Text-to-region grounding data
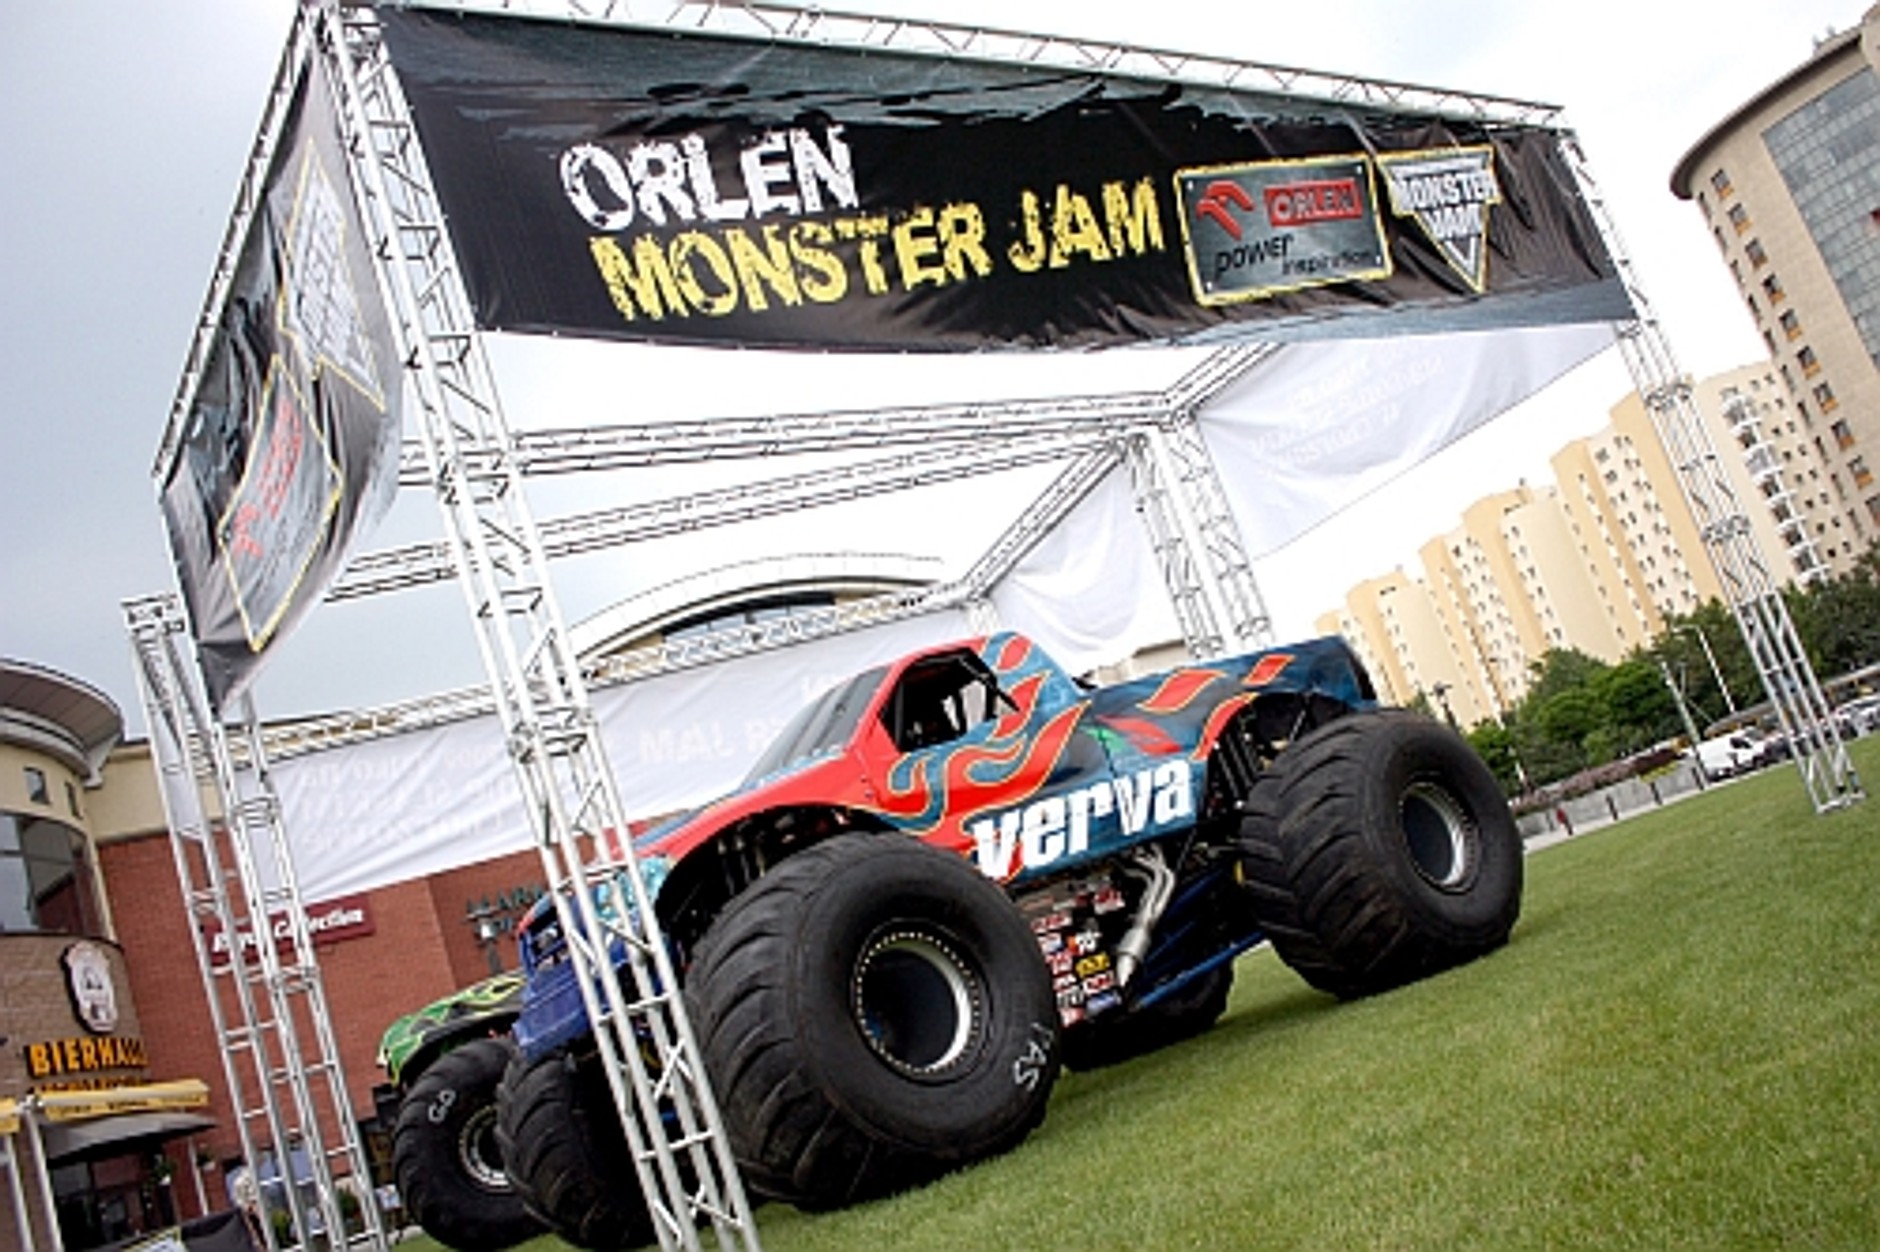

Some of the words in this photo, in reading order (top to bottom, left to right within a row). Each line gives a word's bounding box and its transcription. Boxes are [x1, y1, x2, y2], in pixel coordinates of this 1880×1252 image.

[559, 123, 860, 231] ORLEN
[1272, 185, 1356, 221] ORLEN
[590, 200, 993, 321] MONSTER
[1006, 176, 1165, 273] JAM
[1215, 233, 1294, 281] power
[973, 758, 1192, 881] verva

→ **Problem**:
Repeat each line above exactly as it reads, omitting any pictures.

→ **Answer box**:
Some of the words in this photo, in reading order (top to bottom, left to right within a row). Each line gives a word's bounding box and its transcription. Boxes are [x1, y1, x2, y2], in pixel coordinates of this 1880×1252 image.

[559, 123, 860, 231] ORLEN
[1272, 185, 1356, 221] ORLEN
[590, 200, 993, 321] MONSTER
[1006, 176, 1165, 273] JAM
[1215, 233, 1294, 281] power
[973, 758, 1192, 881] verva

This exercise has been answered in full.